**Exercise details:**
I would like you to return all of the records exactly as they stand.

··· Data for this exercise

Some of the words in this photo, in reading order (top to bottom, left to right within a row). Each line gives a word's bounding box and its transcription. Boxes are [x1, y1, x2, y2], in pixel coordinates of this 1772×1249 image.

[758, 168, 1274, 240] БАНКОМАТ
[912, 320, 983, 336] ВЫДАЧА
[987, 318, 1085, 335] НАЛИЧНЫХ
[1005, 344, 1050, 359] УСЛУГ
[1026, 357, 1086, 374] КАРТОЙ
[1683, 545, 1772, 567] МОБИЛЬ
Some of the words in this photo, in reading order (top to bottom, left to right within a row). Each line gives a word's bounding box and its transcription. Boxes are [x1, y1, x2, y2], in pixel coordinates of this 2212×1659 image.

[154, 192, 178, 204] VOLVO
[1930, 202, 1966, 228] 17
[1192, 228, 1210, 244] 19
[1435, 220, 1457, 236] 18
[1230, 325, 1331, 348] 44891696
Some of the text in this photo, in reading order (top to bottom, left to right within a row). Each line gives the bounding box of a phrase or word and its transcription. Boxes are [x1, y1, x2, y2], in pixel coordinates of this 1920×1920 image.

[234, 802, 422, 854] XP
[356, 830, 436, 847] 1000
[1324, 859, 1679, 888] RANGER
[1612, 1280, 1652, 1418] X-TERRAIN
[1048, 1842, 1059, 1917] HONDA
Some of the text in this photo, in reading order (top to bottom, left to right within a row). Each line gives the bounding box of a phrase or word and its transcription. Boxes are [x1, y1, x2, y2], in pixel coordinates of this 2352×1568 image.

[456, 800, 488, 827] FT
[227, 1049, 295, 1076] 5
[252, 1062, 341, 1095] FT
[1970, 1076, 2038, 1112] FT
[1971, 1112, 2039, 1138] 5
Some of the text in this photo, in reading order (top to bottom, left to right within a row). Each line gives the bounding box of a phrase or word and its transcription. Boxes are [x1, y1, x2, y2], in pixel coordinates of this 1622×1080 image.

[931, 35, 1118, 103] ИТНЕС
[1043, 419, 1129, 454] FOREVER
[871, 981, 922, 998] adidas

······

**Result of the task:**
Some of the words in this photo, in reading order (top to bottom, left to right within a row). Each line gives a word's bounding box and its transcription. Boxes are [x1, y1, x2, y2], in pixel coordinates of this 1772×1249 image.

[758, 168, 1274, 240] БАНКОМАТ
[912, 320, 983, 336] ВЫДАЧА
[987, 318, 1085, 335] НАЛИЧНЫХ
[1005, 344, 1050, 359] УСЛУГ
[1026, 357, 1086, 374] КАРТОЙ
[1683, 545, 1772, 567] МОБИЛЬ
Some of the words in this photo, in reading order (top to bottom, left to right within a row). Each line gives a word's bounding box and its transcription. Boxes are [x1, y1, x2, y2], in pixel coordinates of this 2212×1659 image.

[154, 192, 178, 204] VOLVO
[1930, 202, 1966, 228] 17
[1192, 228, 1210, 244] 19
[1435, 220, 1457, 236] 18
[1230, 325, 1331, 348] 44891696
Some of the text in this photo, in reading order (top to bottom, left to right within a row). Each line gives the bounding box of a phrase or word and its transcription. Boxes are [x1, y1, x2, y2], in pixel coordinates of this 1920×1920 image.

[234, 802, 422, 854] XP
[356, 830, 436, 847] 1000
[1324, 859, 1679, 888] RANGER
[1612, 1280, 1652, 1418] X-TERRAIN
[1048, 1842, 1059, 1917] HONDA
Some of the text in this photo, in reading order (top to bottom, left to right within a row). Each line gives the bounding box of a phrase or word and its transcription. Boxes are [x1, y1, x2, y2], in pixel coordinates of this 2352×1568 image.

[456, 800, 488, 827] FT
[227, 1049, 295, 1076] 5
[252, 1062, 341, 1095] FT
[1970, 1076, 2038, 1112] FT
[1971, 1112, 2039, 1138] 5
Some of the text in this photo, in reading order (top to bottom, left to right within a row). Each line gives the bounding box of a phrase or word and its transcription. Boxes are [x1, y1, x2, y2], in pixel coordinates of this 1622×1080 image.

[931, 35, 1118, 103] ИТНЕС
[1043, 419, 1129, 454] FOREVER
[871, 981, 922, 998] adidas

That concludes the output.